Path.mkdir(mode=0o777, parents=False, exist_ok=False)
Create a new directory at this given path. If mode is given, it is combined with the process’ umask value to determine the file mode and access flags. If the path already exists, FileExistsError is raised.

If parents is true, any missing parents of this path are created as needed; they are created with the default permissions without taking mode into account (mimicking the POSIX mkdir -p command).

If parents is false (the default), a missing parent raises FileNotFoundError.

If exist_ok is false (the default), FileExistsError is raised if the target directory already exists.

If exist_ok is true, FileExistsError exceptions will be ignored (same behavior as the POSIX mkdir -p command), but only if the last path component is not an existing non-directory file.

Changed in version 3.5: The exist_ok parameter was added.

It should work fine without parameters if you provide a valid path.

Note if you want to check if it exists, you'll need to call the exists() method - don't forget the ()
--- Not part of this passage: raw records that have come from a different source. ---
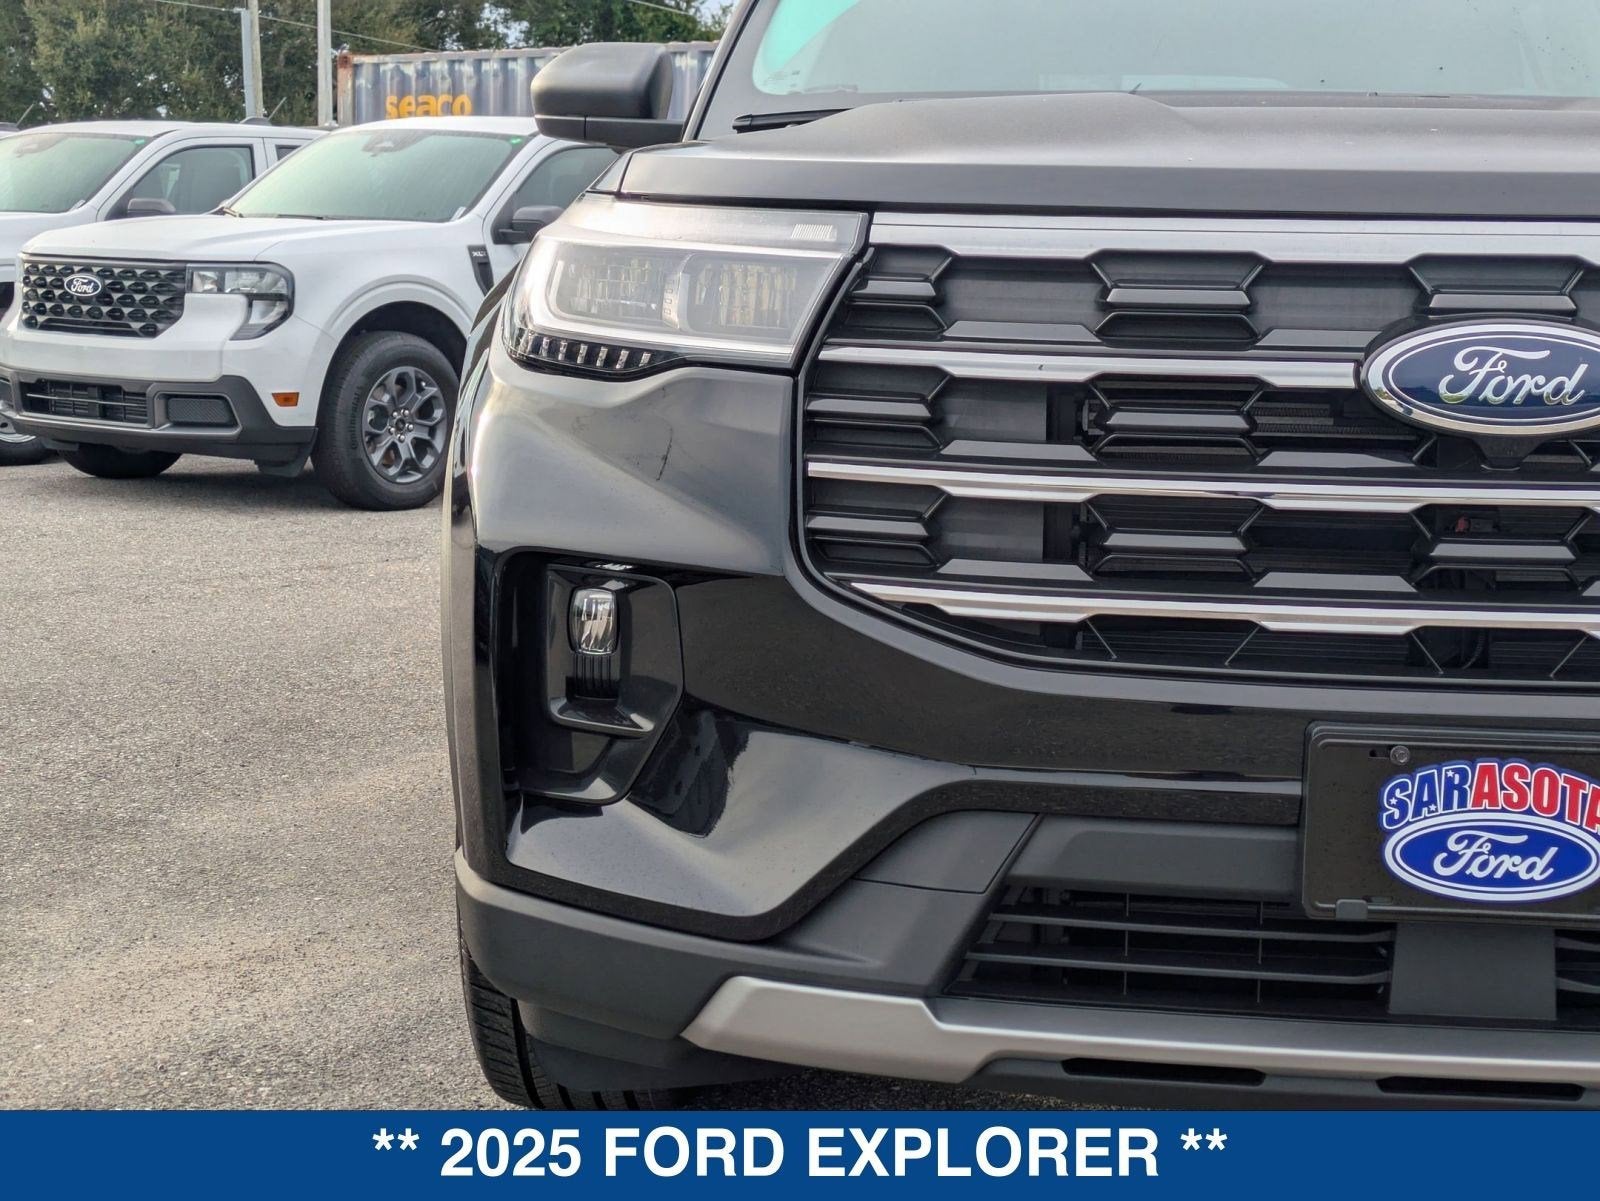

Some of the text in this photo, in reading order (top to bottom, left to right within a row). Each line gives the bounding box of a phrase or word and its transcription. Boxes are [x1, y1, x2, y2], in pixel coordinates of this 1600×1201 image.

[385, 94, 472, 119] seaco
[70, 277, 95, 293] Ford
[1438, 346, 1589, 406] Ford
[1433, 830, 1559, 881] Ford
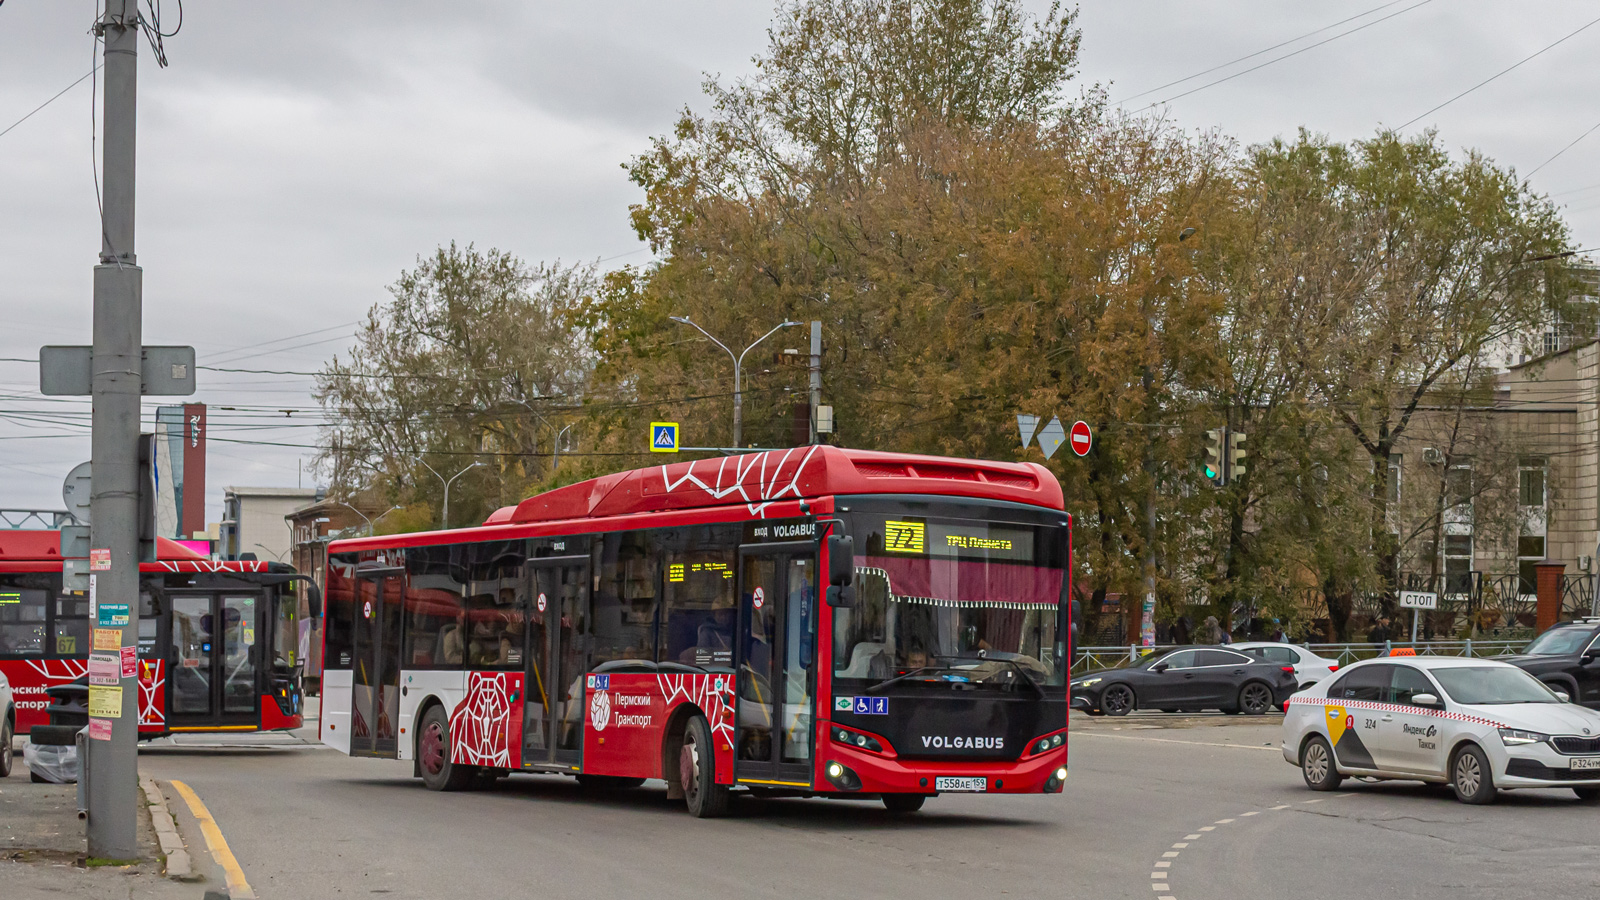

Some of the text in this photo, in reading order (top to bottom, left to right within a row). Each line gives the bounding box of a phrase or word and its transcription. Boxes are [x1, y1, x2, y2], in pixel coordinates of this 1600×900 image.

[892, 527, 915, 548] 72
[946, 535, 1012, 550] ТРЦ Планета
[1405, 594, 1432, 606] СТОП
[58, 639, 75, 653] 67
[614, 692, 651, 709] Пермский
[614, 711, 652, 729] Транспорт
[1365, 719, 1377, 729] 324
[1403, 723, 1437, 737] Яндекс Go
[922, 736, 1004, 749] VOLGABUS
[1418, 738, 1436, 750] Такси
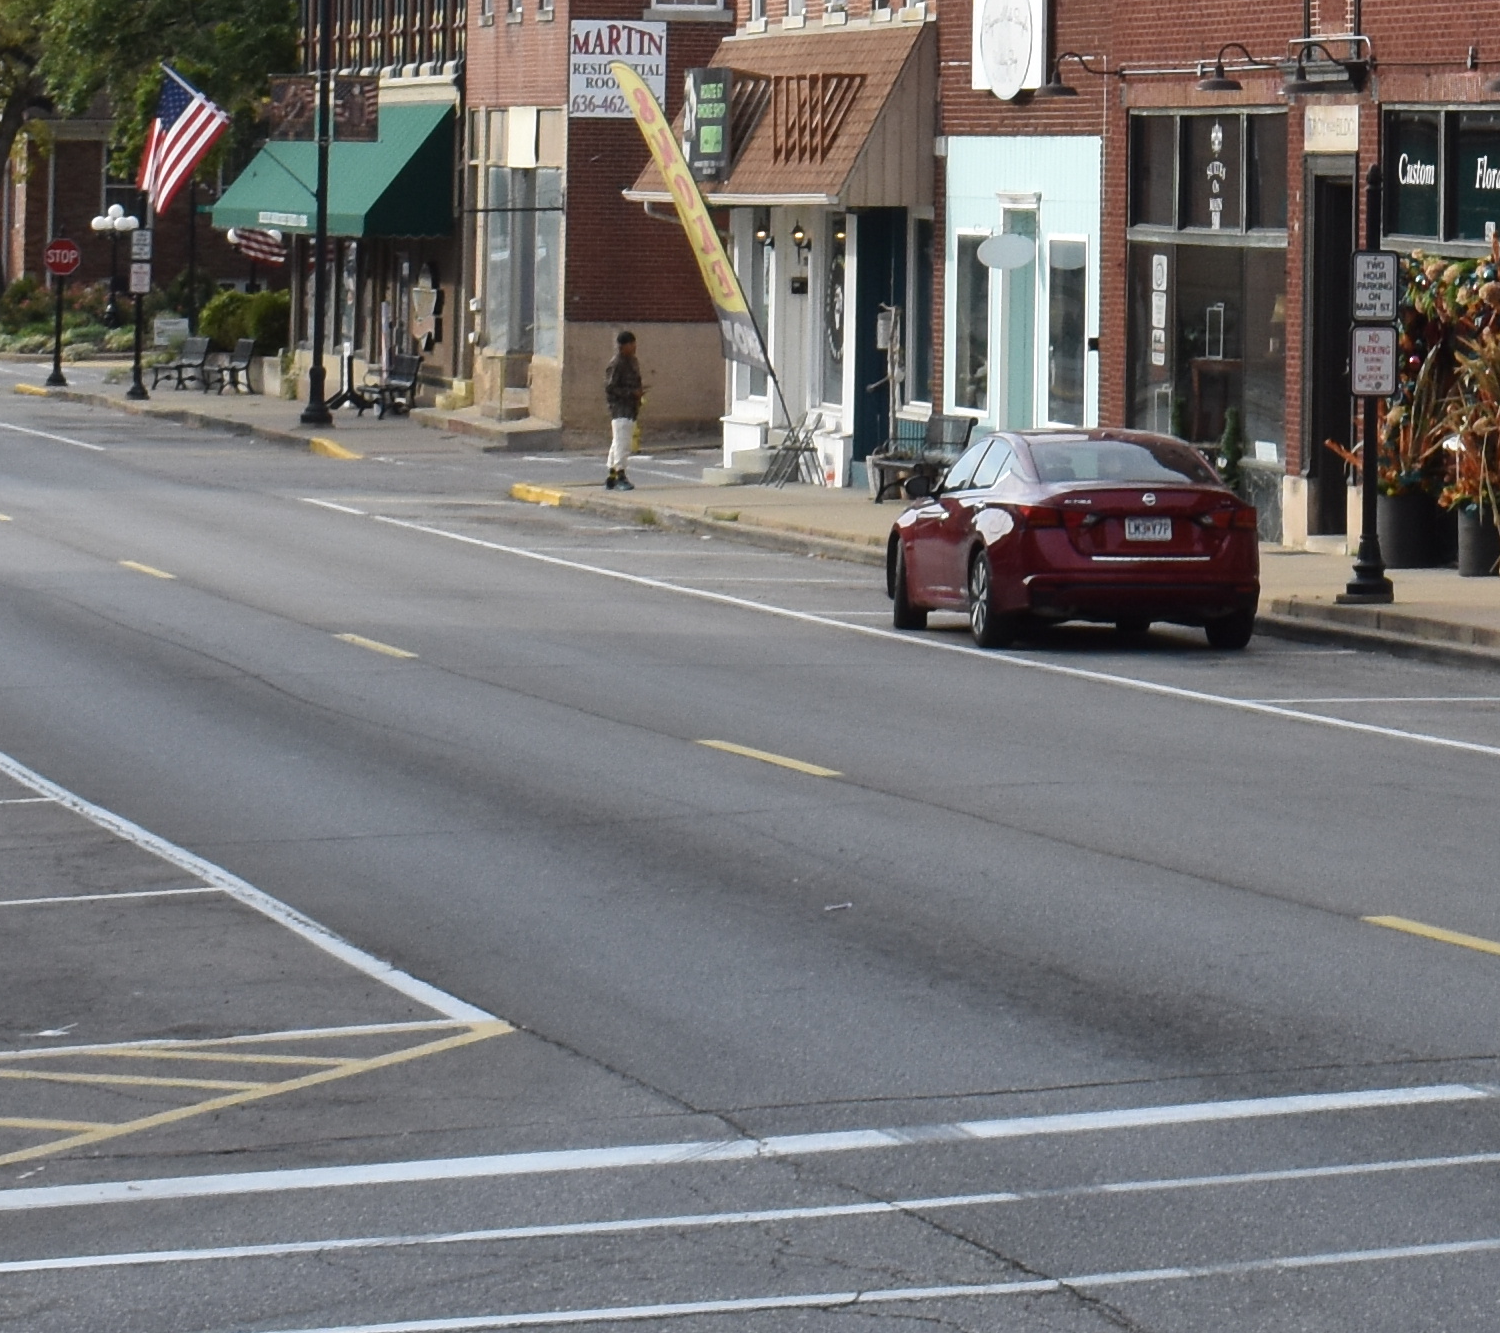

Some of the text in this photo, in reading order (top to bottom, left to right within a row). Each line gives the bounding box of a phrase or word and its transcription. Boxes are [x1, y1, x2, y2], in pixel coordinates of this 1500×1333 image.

[571, 23, 664, 56] MARTIN
[572, 62, 664, 77] RESIDTIAL
[1398, 152, 1435, 186] Custom
[47, 249, 78, 264] STOP
[1366, 260, 1385, 270] TWO
[1363, 272, 1387, 280] HOUR
[1357, 282, 1393, 291] PARKING
[1368, 293, 1381, 301] ON
[1356, 302, 1377, 311] MAIN
[1368, 334, 1380, 343] NO
[1357, 345, 1391, 354] PARKING
However, it's not a great approach, because someone else could make the directory(or a file) at that path between when you check for it and when you get around to creating it. This is called a race condition.

It's better to wrap the mkdir in a try/except and let the OS tell you if there's a problem. There are a lot more possibilities for exceptions than just already existing. eg.

def directory(): p = Path(input("Enter file path: ")) try: p.mkdir() print('Directory does not exist. Making directory for you.') except IOError as ex: print('Couldn't create directory', ex)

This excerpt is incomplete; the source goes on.